Extracting and Characterizing HIV-Neutralizing Antibodies from the Female Genital Tract of Vaccine Trial Patients South African
Authors:Melis Anahtar, Siduo Jiang
Mentor:Douglas Kwon, Instructor in Medicine and Infectious Diseases Specialist, Ragon Institute of MGH, MIT and Harvard
The HIV pandemic continues to burden more than 30 million individuals worldwide despite over 30 years research. Globally, over 90% of HIV transmission occurs during heterosexual intercourse, and most new cases arise in women between ages 14-25. As a result, the mucosal surface of the female genital tract (FGT) acts as a key target for vaccine design as it is the primary site of HIV acquisition in females. The CAPRISA 004 trial, conducted at Center for the AIDS Programme of Research at the University of Kwa-Zulu Natal in South Africa, tested the efficacy of a vaginal gel microbicide containing 1% tenofovir, an HIV reverse transcriptase inhibitor.
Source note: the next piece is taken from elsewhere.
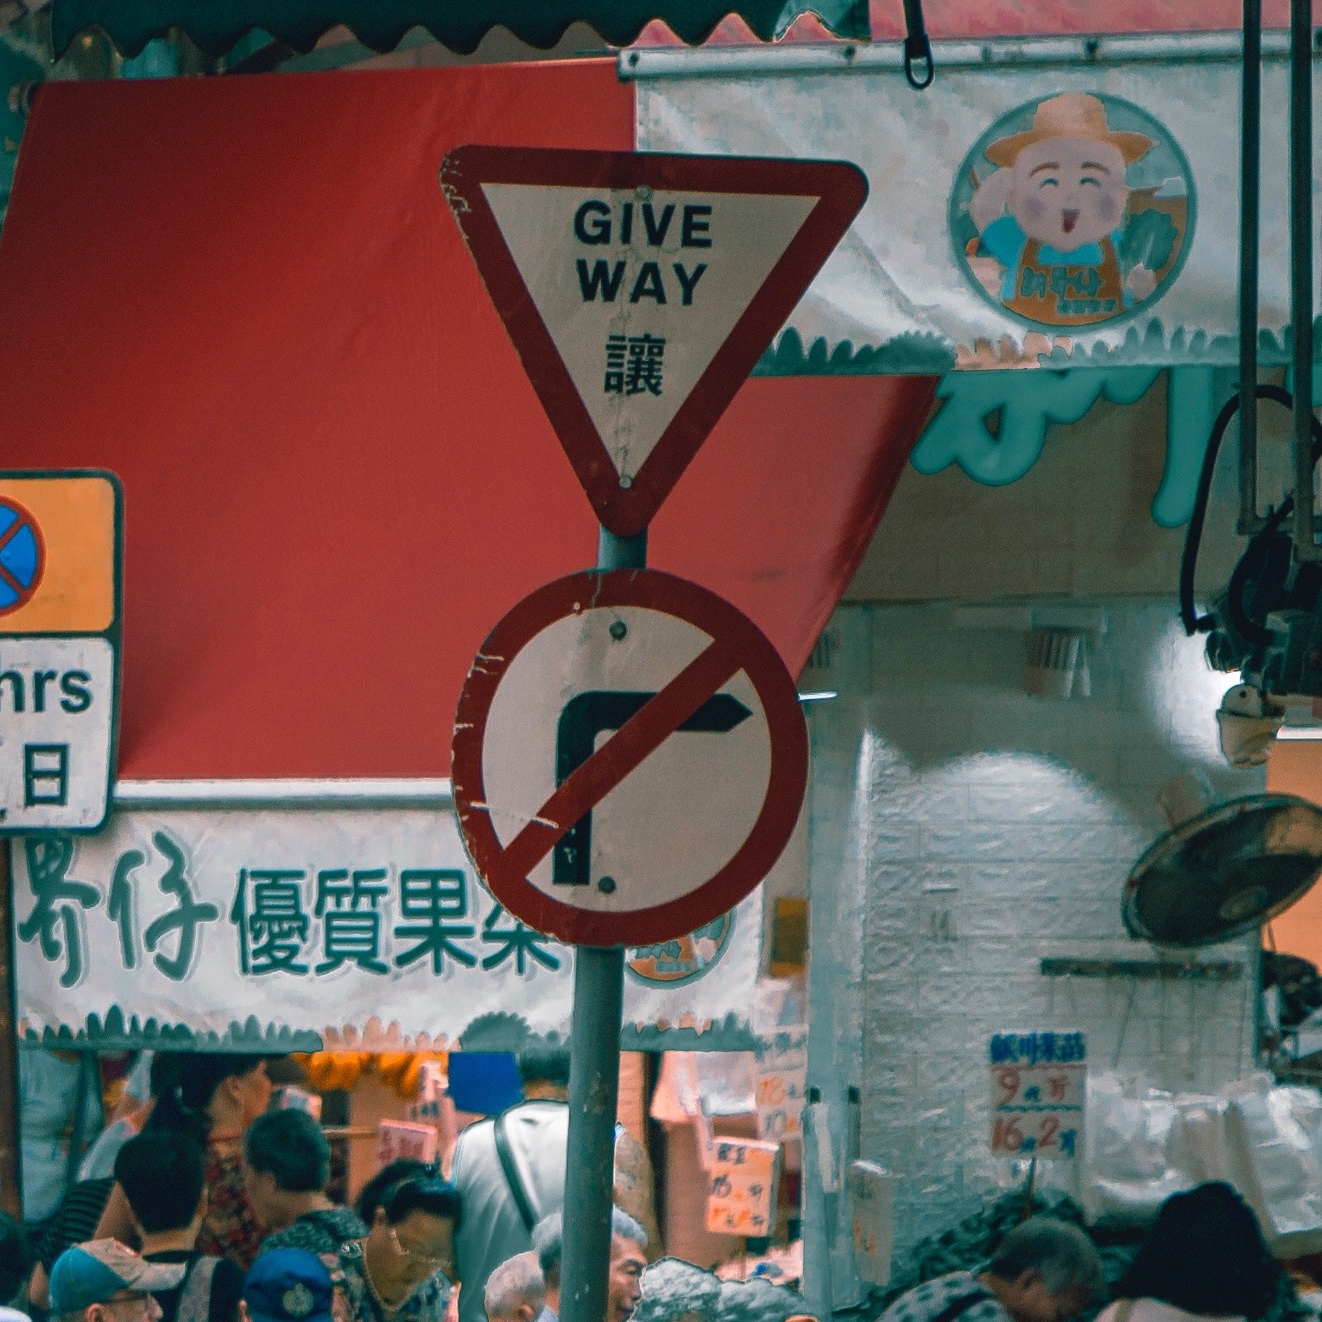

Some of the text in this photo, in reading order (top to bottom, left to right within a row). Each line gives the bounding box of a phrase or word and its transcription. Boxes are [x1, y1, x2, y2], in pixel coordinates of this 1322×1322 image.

[574, 200, 713, 248] GIVE
[576, 258, 708, 306] WAY
[604, 332, 667, 396] 讓
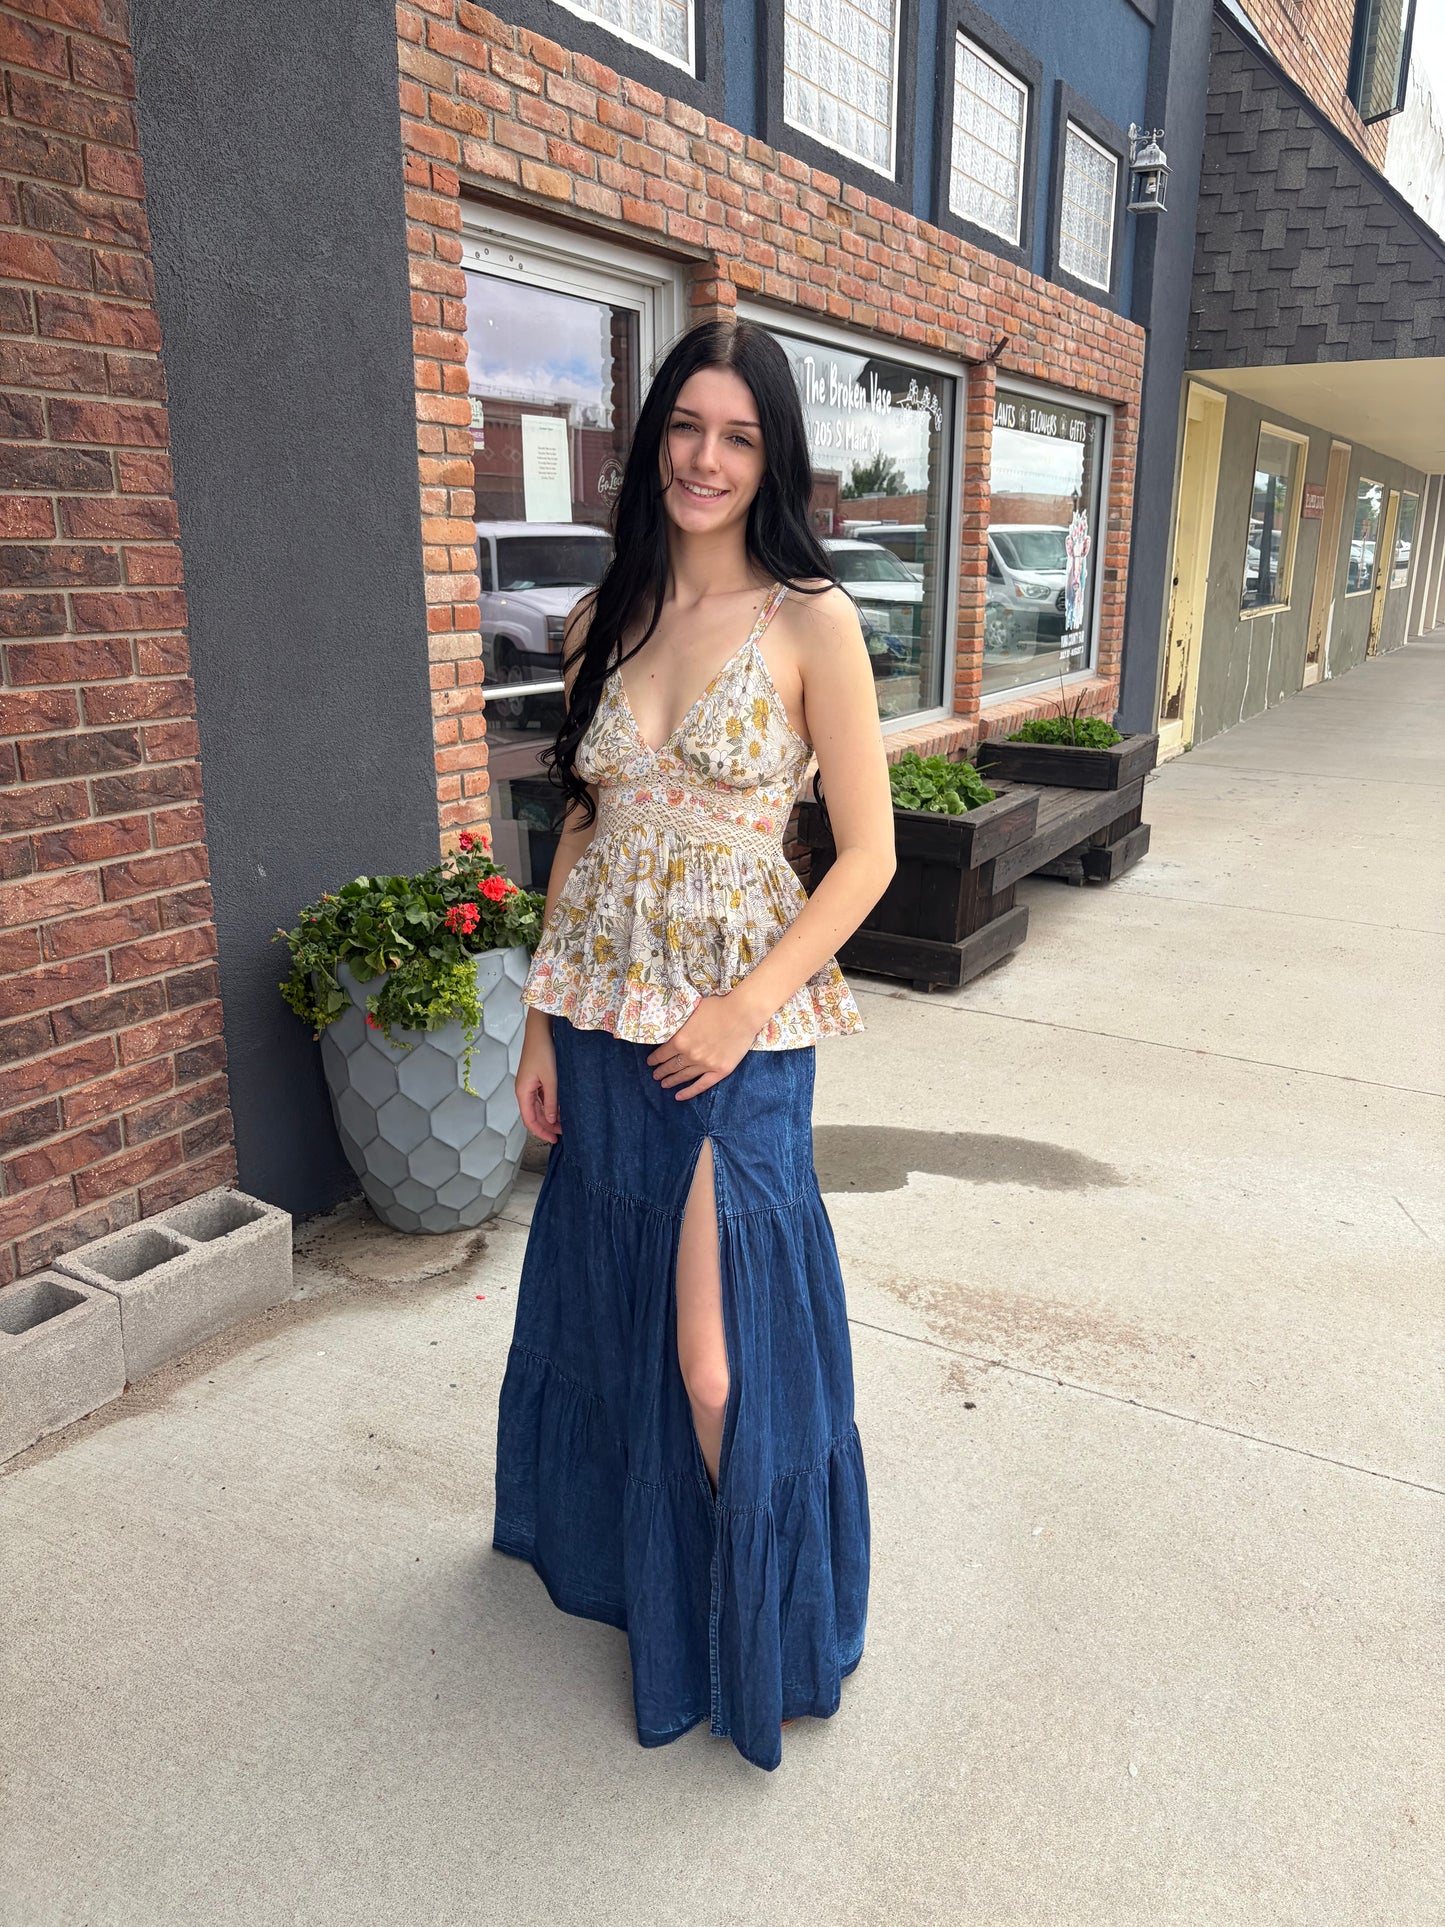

It was found that the gel resulted in a 39% reduction in new HIV infection. However, the mechanism of this control is not yet understood, particularly the interaction between tenofovir and the local FGT immune system. It has been hypothesized that in addition to the protective drug, varied antibody responses may have played a role in protecting study patients who ultimately remained HIV uninfected. In order to better understand the mechanism of action, cytobrush samples from the cervix were collected from the trial patients in South Africa and analyzed using a cutting-edge single-cell analysis technology developed at MIT. From these samples, we have collected multidimensional immunological data. This technology incorporates a process known as microengraving which enables the identification of antibody-secreting cells, and the recovery of these cells for sequence retrieval. We have isolated several antibodies applying this method. These antibodies are mapped for HIV epitope specificity and sequenced for BCR analysis. A better understanding of the antibody response in these women could provide clues to better improve future microbicides and develop more efficacious vaccines to prevent HIV acquisition in women.